I'd agree that this would be valuable鈥攊n the future I expect quite a few usecases will pop up where people would like to watch for events in order to update off-chain state. If it's not possible to recover the full state using the events, long-polling the contract becomes necessary, which isn't really ideal.
From my interpretation of the spec, this would be compliant, since it doesn't specify that Approval must only be emitted on approve.
Additionally, a transferFrom call followed by an approve call, setting the allowance to the current allowance value, would emit the exact same two events while not modifying the state in any way, making this a completely valid and useful change IMO.
Here's an argument against, to make for a balanced discussion.
The ERC20 implementations around probably all have the problem that events are not enough to reconstruct allowance. Because of this, all applications will have to work around this by either polling or some other complex mechanism.

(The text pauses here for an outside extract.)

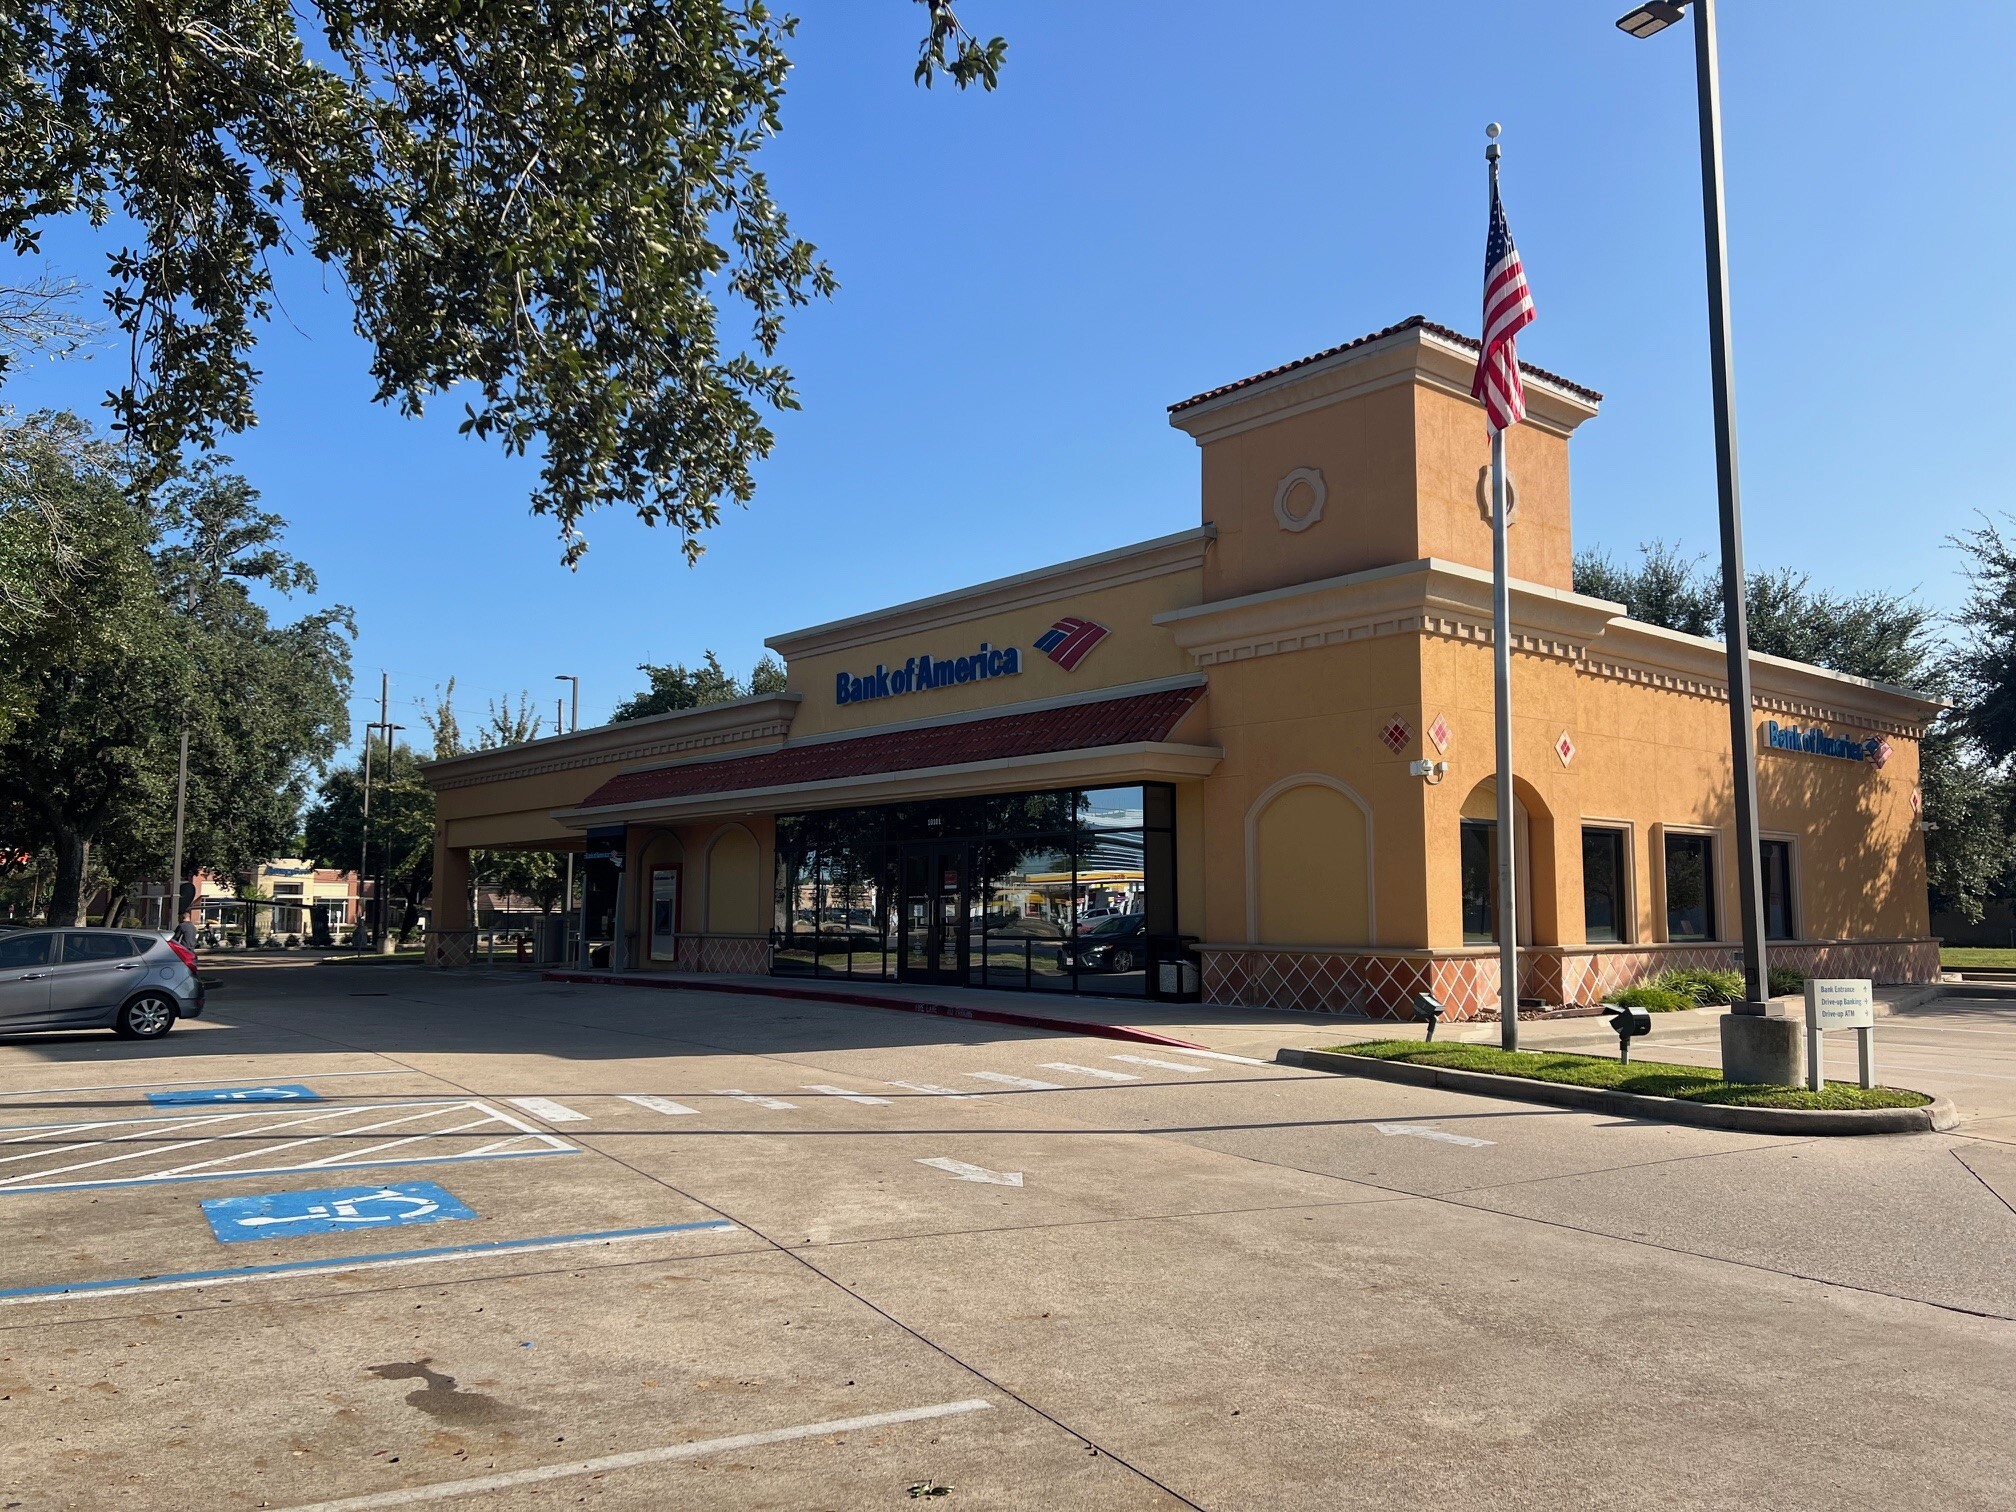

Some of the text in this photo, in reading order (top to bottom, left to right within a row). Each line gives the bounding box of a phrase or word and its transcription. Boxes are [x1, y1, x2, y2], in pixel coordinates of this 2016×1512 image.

What value would we be adding, then?
If an application is written specifically to interact with an OpenZeppelin ERC20 instance, and thus can safely rely on events only, it may silently become incorrect when plugged into a non-OpenZeppelin instance. I suppose we could try to consider the implications and base our decision on that, but it feels risky.
hmm good points. this problems exists across a lot of domains, though; when the world moves forward, you have to decide which world you support; the new, the old, or both.
In the case of early ERCs, it's impossible to know which world you're in because we don't have migrations or 165 interfaces to depend on, so it gets really hazy.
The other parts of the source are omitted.